Task: An exact copy of the data is required. No picture may appear in it.
====== Records to process ======
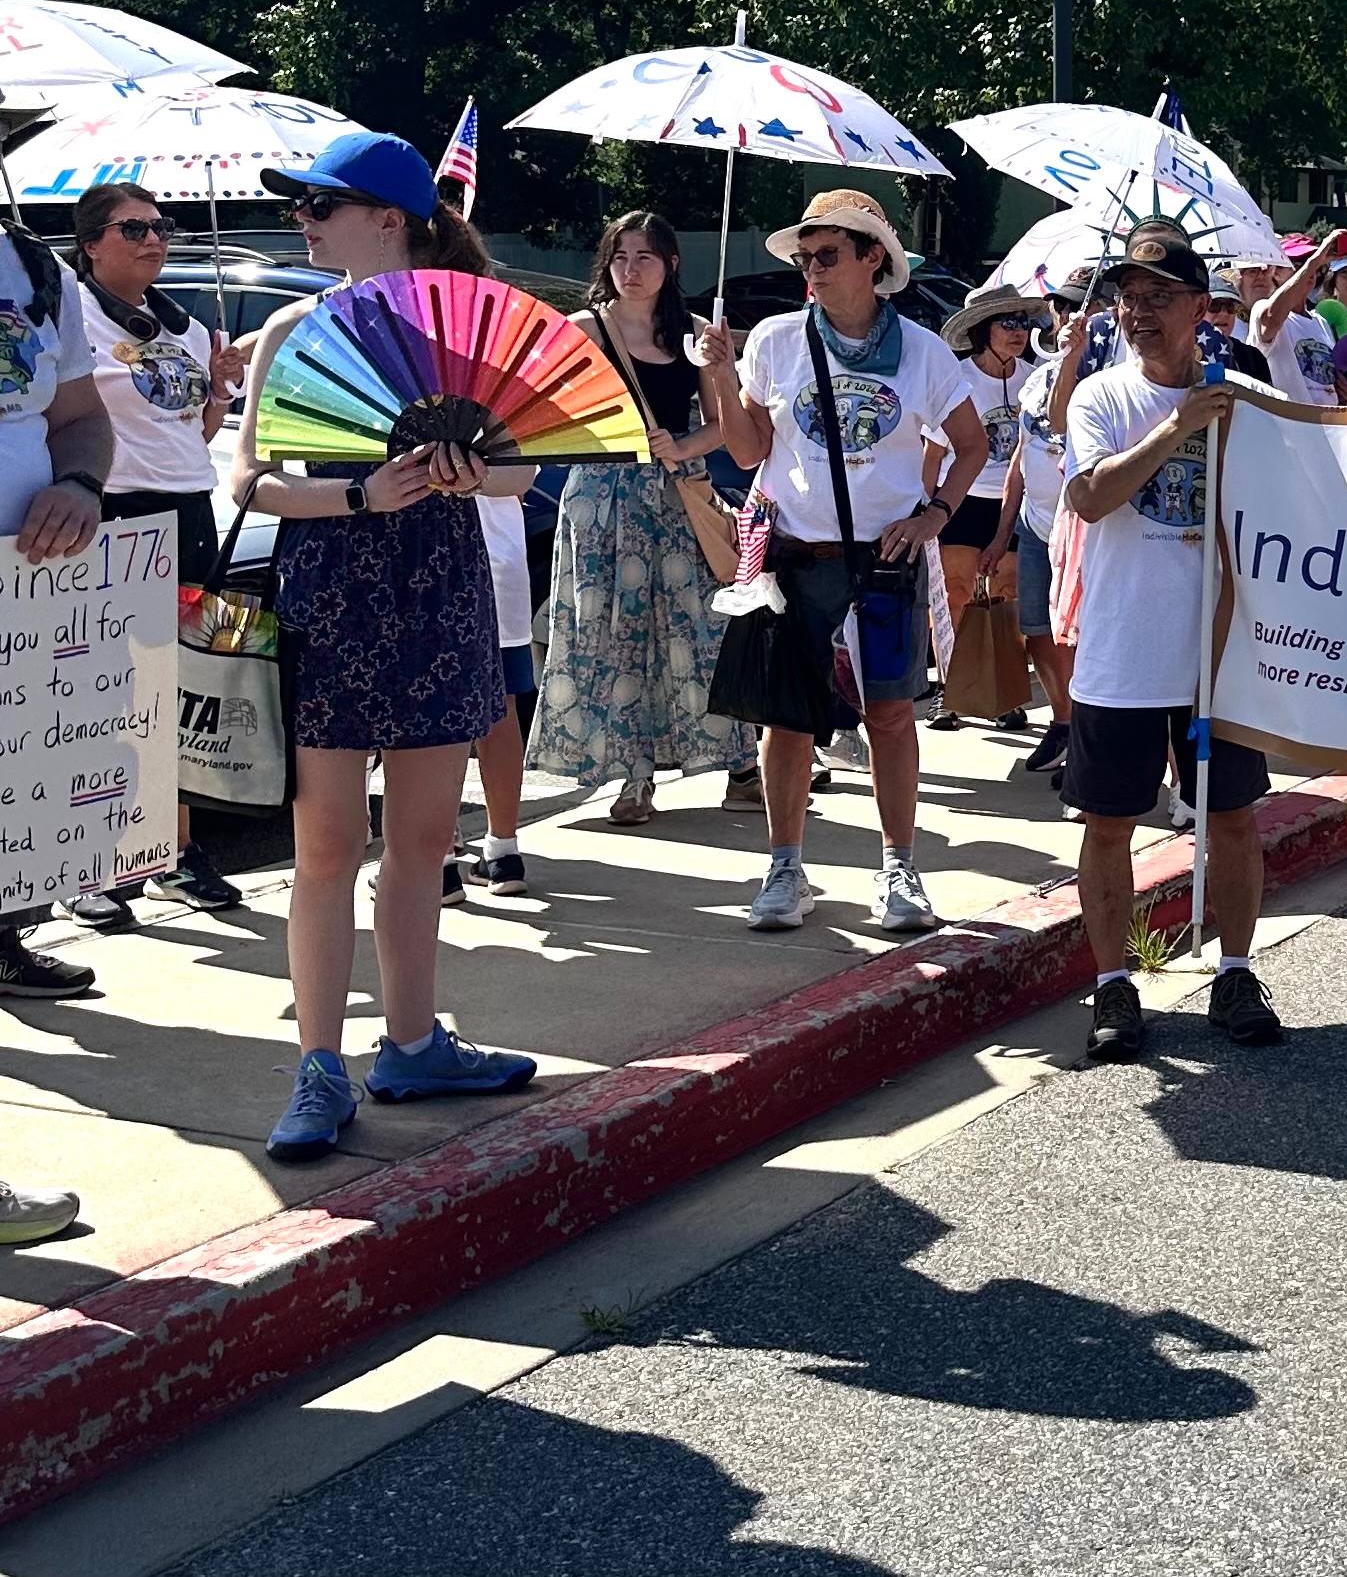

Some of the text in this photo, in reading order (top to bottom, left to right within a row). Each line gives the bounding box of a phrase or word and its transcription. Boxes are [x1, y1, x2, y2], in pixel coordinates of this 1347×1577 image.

[855, 382, 876, 395] 2026
[0, 528, 171, 599] ince 1776
[54, 603, 87, 645] all
[97, 601, 136, 641] for
[1255, 621, 1345, 661] Building
[47, 666, 73, 697] to
[96, 667, 136, 692] our
[1257, 659, 1299, 685] more
[44, 692, 160, 748] democracy!
[178, 687, 221, 734] TA
[178, 733, 232, 753] yland
[32, 782, 46, 800] a
[71, 767, 128, 794] more
[57, 824, 84, 843] on
[103, 802, 145, 831] the
[0, 841, 171, 902] nity of all humans
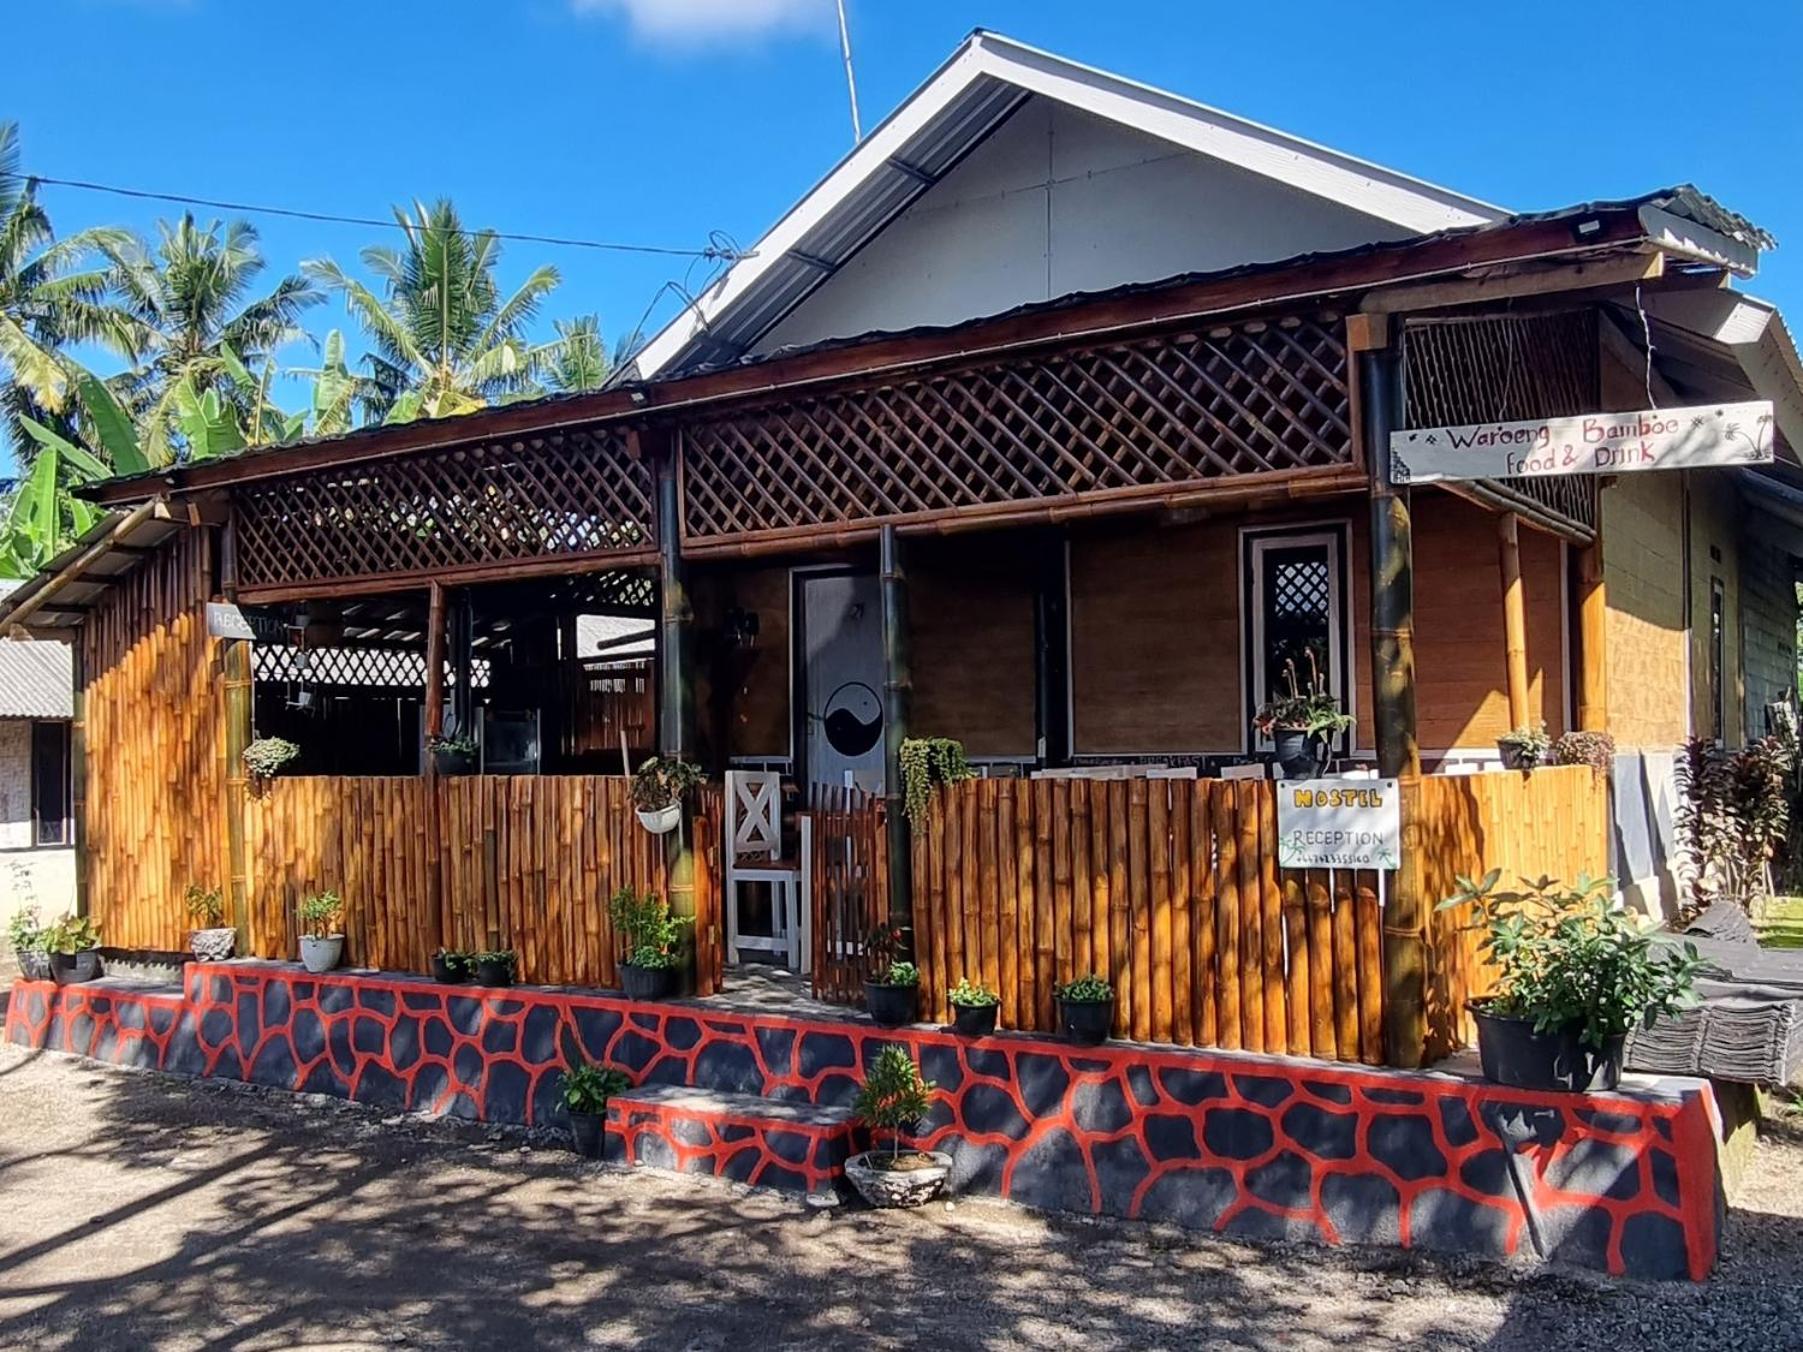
======
Expected answer:
Some of the text in this photo, in reading order (top to bottom, left to right within a row). Each line gives the bounding box of a phrase or word and its transcription. Boxes are [x1, y1, x2, y2], in pixel coordinates of this 1347×1577 image.

[855, 382, 876, 395] 2026
[0, 528, 171, 599] ince 1776
[54, 603, 87, 645] all
[97, 601, 136, 641] for
[1255, 621, 1345, 661] Building
[47, 666, 73, 697] to
[96, 667, 136, 692] our
[1257, 659, 1299, 685] more
[44, 692, 160, 748] democracy!
[178, 687, 221, 734] TA
[178, 733, 232, 753] yland
[32, 782, 46, 800] a
[71, 767, 128, 794] more
[57, 824, 84, 843] on
[103, 802, 145, 831] the
[0, 841, 171, 902] nity of all humans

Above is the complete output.